**What you need to do:**
The answer must be an exact copy of the records, with every picture removed.
(Data records begins)
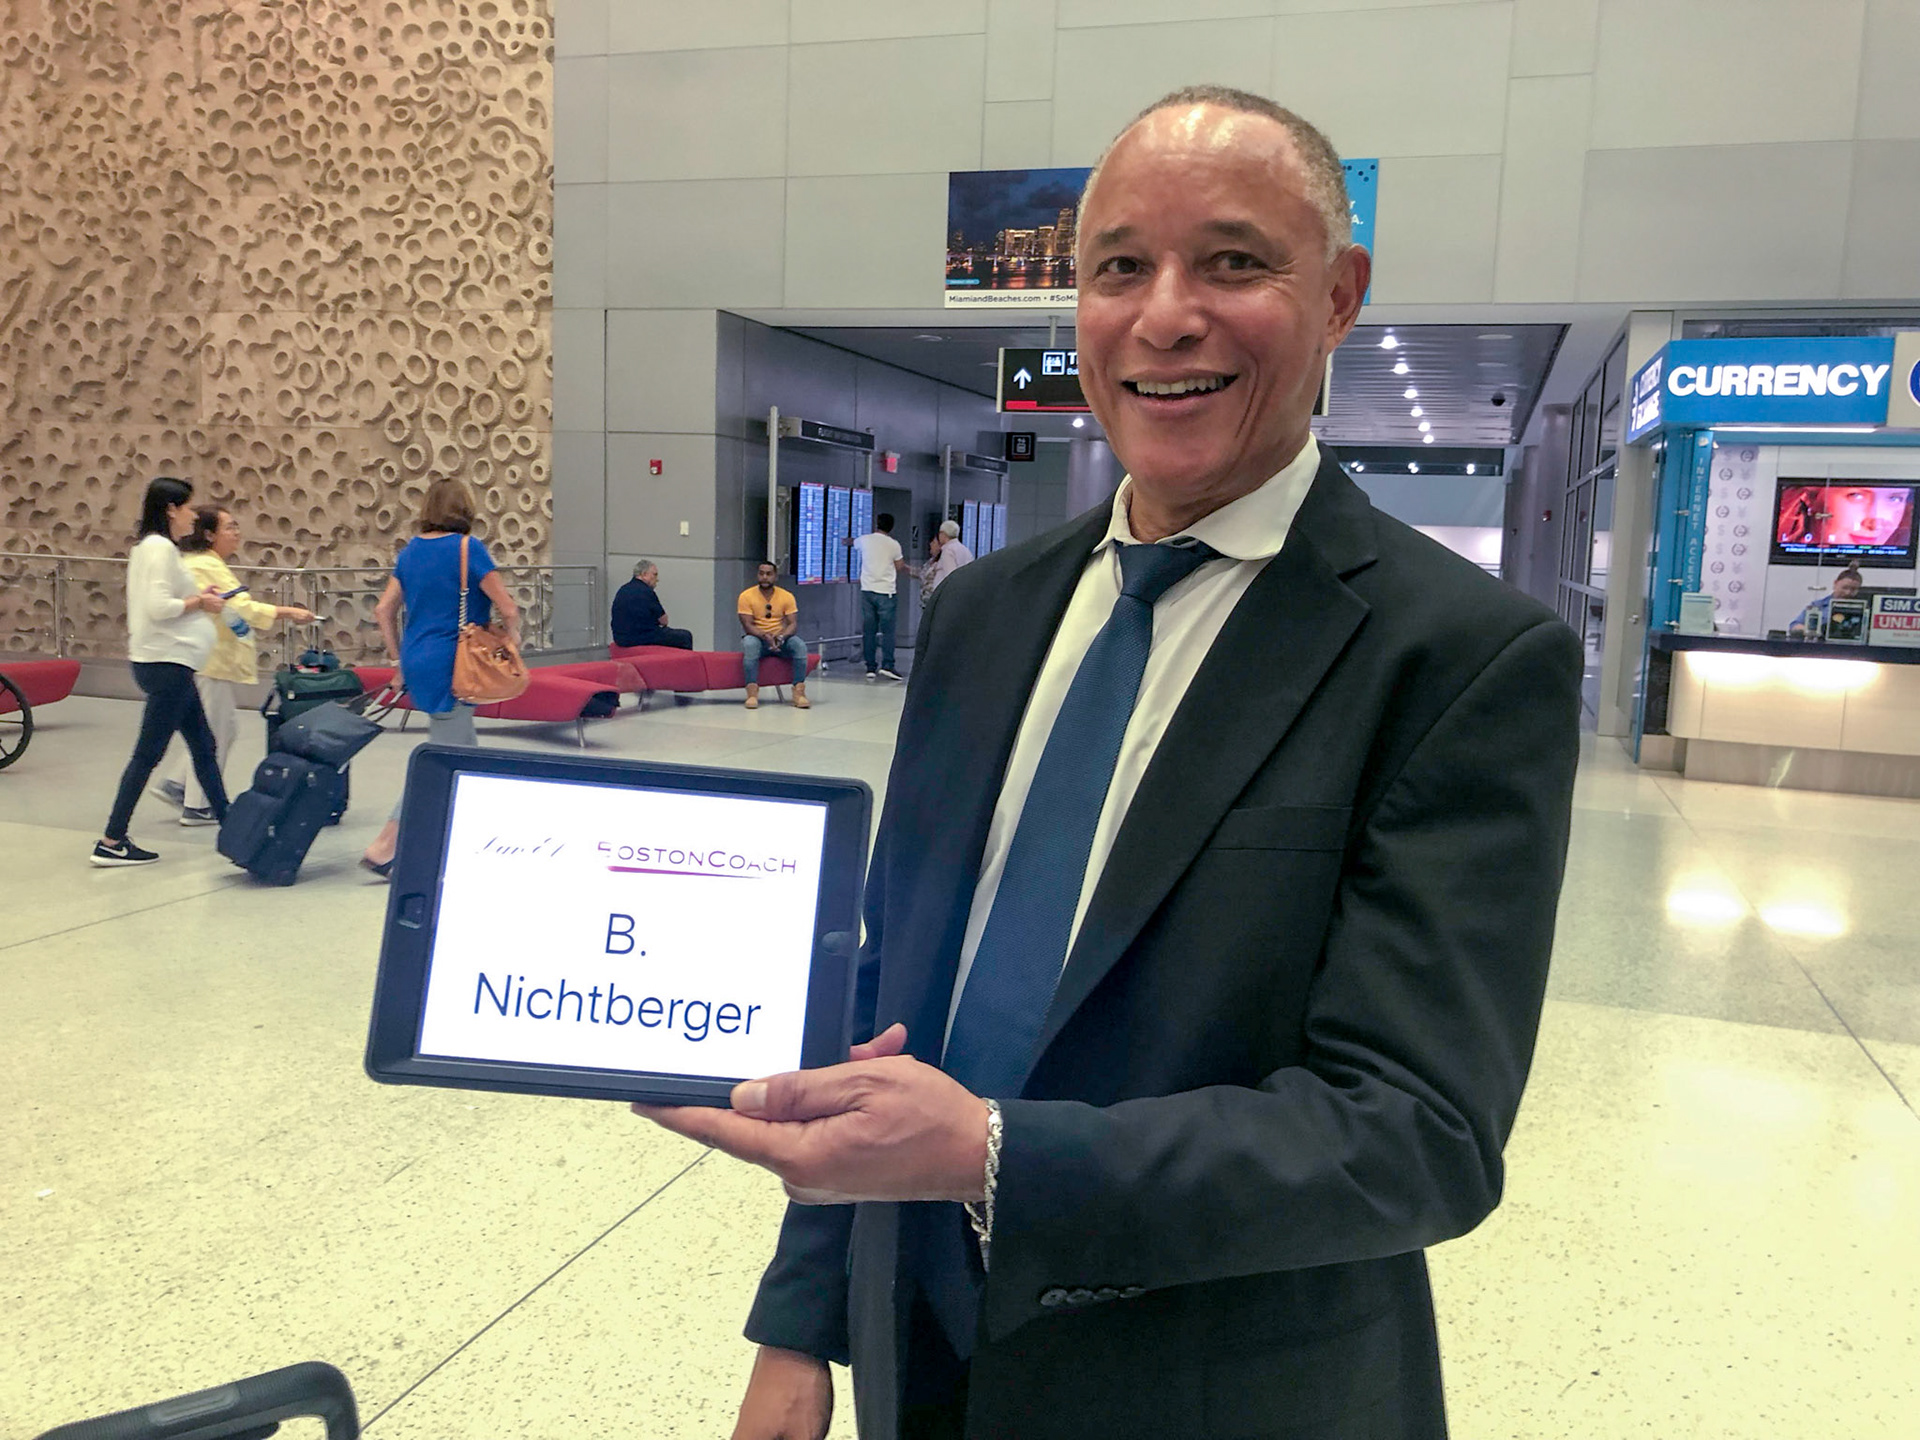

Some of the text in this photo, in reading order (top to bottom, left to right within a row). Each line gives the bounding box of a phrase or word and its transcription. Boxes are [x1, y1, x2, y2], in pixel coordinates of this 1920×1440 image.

[948, 294, 1042, 303] MiamiandBeaches.com
[1667, 364, 1890, 397] CURRENCY
[1883, 599, 1911, 611] SIM
[1879, 616, 1920, 630] UNLI
[604, 912, 647, 957] B.
[473, 971, 762, 1042] Nichtberger
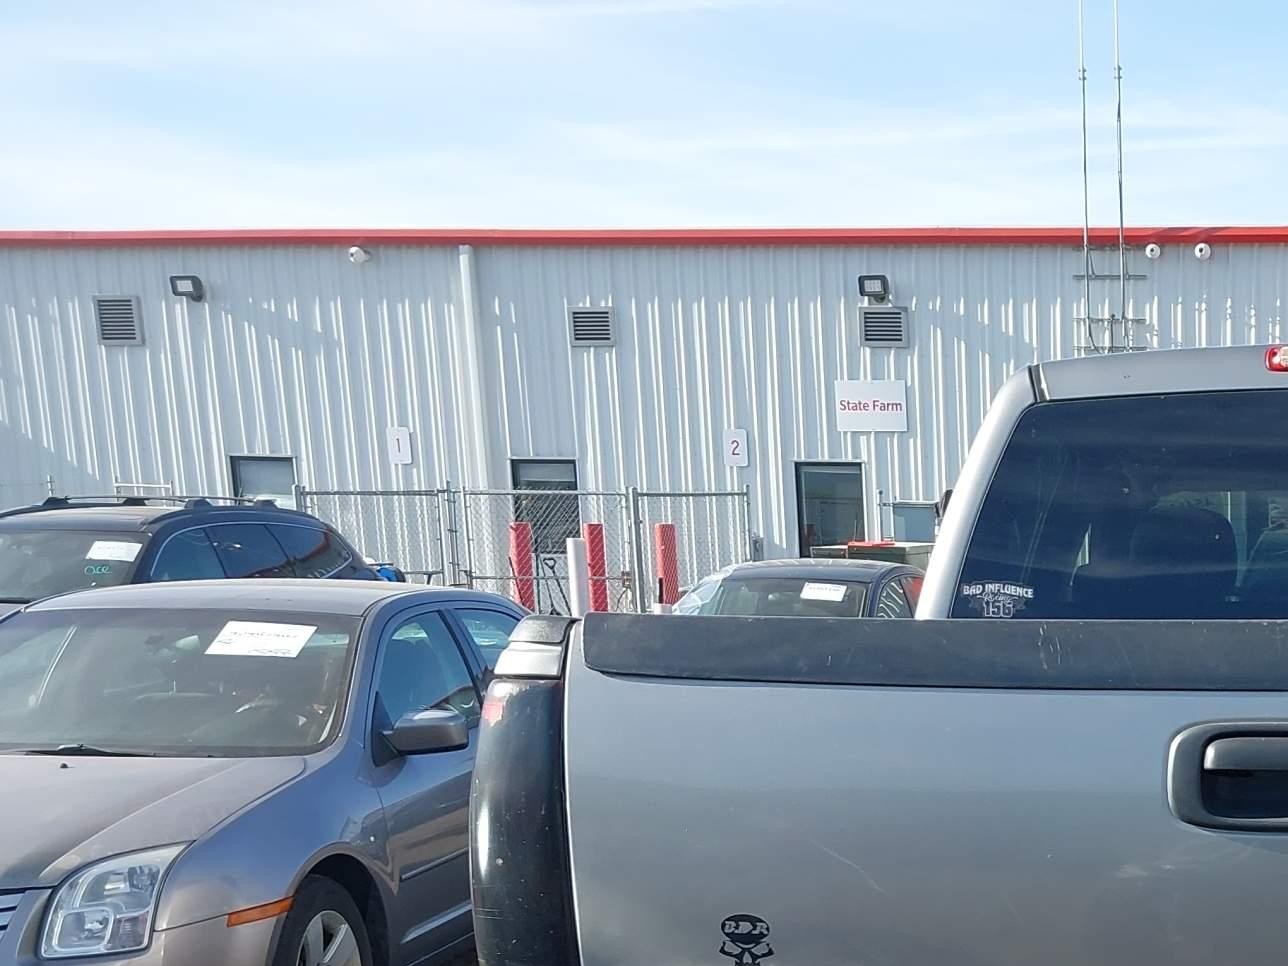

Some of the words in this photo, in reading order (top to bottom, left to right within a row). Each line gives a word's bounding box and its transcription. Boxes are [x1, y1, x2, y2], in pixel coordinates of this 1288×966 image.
(Data records ends)
**Exercise response:**
Some of the text in this photo, in reading order (top to bottom, left to right within a row). Each line gives the bounding box of a phrase or word and its transcription. Boxes are [x1, y1, x2, y2], in pixel coordinates of this 1920×1440 image.

[948, 294, 1042, 303] MiamiandBeaches.com
[1667, 364, 1890, 397] CURRENCY
[1883, 599, 1911, 611] SIM
[1879, 616, 1920, 630] UNLI
[604, 912, 647, 957] B.
[473, 971, 762, 1042] Nichtberger

Some of the words in this photo, in reading order (top to bottom, left to right within a row). Each line gives a word's bounding box and its transcription. Boxes are [x1, y1, x2, y2], in pixel coordinates of this 1288×966 image.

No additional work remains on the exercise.